Il 2024 è stato sicuramente l’anno di Trapani e del presidente Valerio Antonini. La squadra siciliana ha prima raggiunto una storica promozione nella massima serie, dopo aver vinto la finale contro la Fortitudo Bologna, che si è portata dietro non poche polemiche per gli atteggiamenti tenuti dallo stesso Antonini – successivamente è arrivata un’ottima prima parte di stagione nel massimo campionato, grazie ad una campagna acquisti che ha notevolmente rafforzato la compagine siciliana.
Trapani si trova, attualmente, al terzo posto in campionato con la Virtus Bologna, dietro soltanto a Trento e Brescia, e davanti a squadre decisamente più accreditate come l’Olimpia Milano.

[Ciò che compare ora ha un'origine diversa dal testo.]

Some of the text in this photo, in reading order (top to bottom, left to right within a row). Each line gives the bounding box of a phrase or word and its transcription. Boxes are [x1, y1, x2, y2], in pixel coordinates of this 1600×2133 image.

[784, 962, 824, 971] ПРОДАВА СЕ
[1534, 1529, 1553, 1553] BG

La squadra siciliana ha il miglior attacco della competizione, 94.6 punti a partita e un offensive rating da 122.4 punti per 100 possessi, tiene un ritmo di gioco piuttosto alto (quarto pace di tutta la lega con una media di 76.6 possessi) e muove benissimo la palla in attacco (attualmente seconda per assist a partita con una media di 20.6).

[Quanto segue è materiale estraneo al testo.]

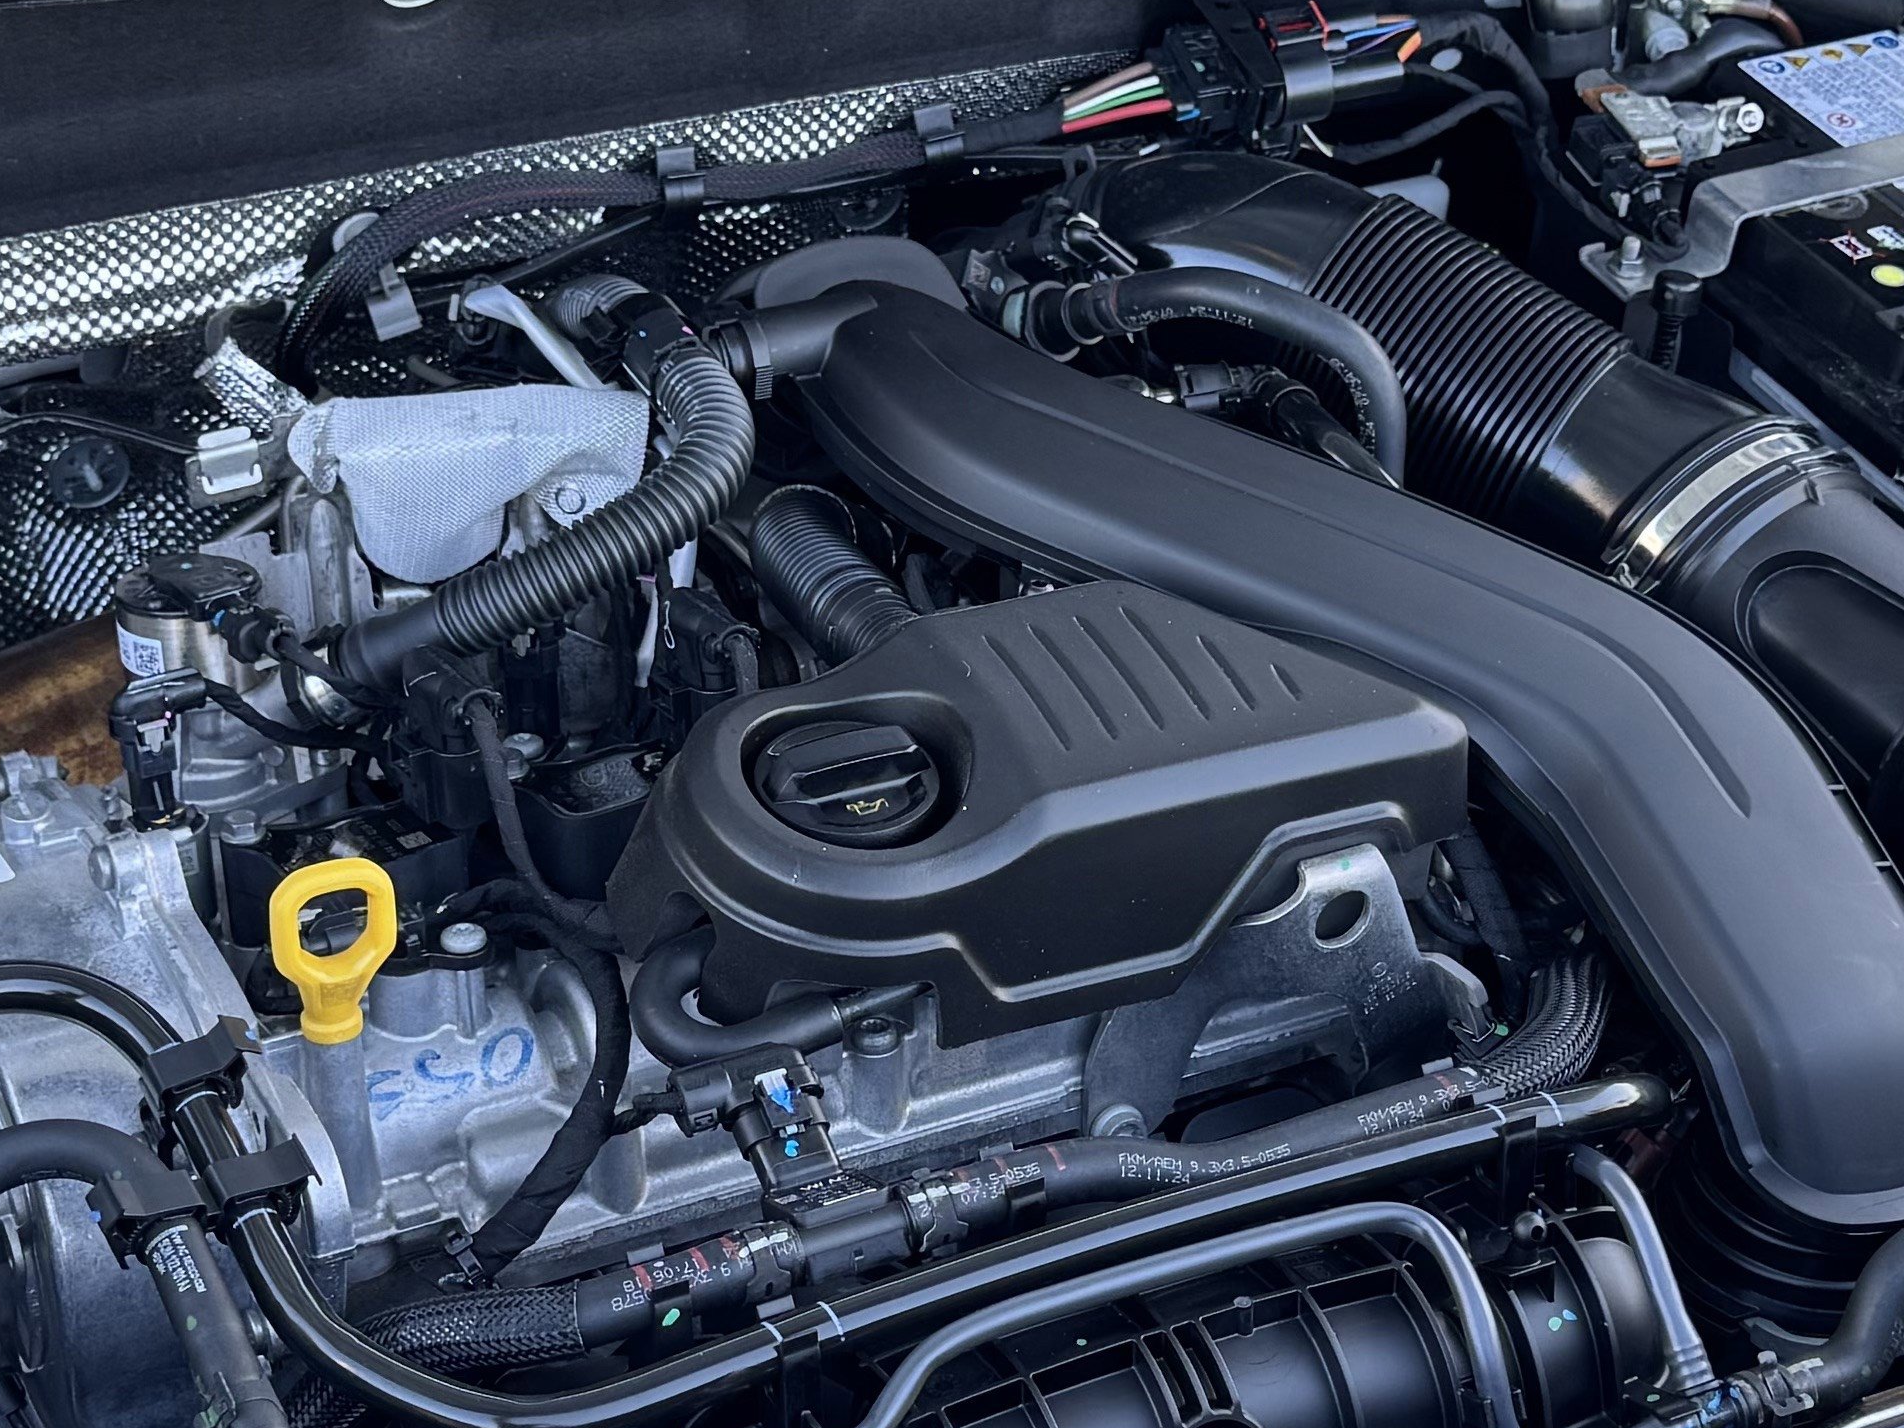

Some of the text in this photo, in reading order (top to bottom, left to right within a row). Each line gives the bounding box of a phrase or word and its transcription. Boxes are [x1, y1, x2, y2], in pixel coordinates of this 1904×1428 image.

[1118, 1144, 1291, 1175] FKM/AEM 9.3X3.5-0535
[1120, 1166, 1190, 1184] 12.11.24

La scelta di Repesa come allenatore sta sicuramente pagando i suoi dividendi. L’esperto allenatore croato è riuscito ad impostare una chimica di squadra eccellente e, nonostante alcuni limiti strutturali, Trapani rimane una delle neo-promosse più forti della storia recente del basket italiano. In estate, Trapani aveva deciso di non confermare Andrea Diana come capo allenatore, nonostante avesse portato la squadra nella massima serie dopo l’esonero di coach Parente, e di mantenerlo come vice di Repesa.
Una scelta che, almeno in teoria, poteva creare problemi di equilibri interni ma che, finora, sta funzionando estremamente bene. Del resto, non è certo una sorpresa che Antonini sia una persona portata a fare scelte anche impulsive. È un uomo che ama far parlare di sè e che in generale ama parlare, considerando che un suo comunicato dopo ogni partita è diventato sostanzialmente una tradizione in casa Trapani.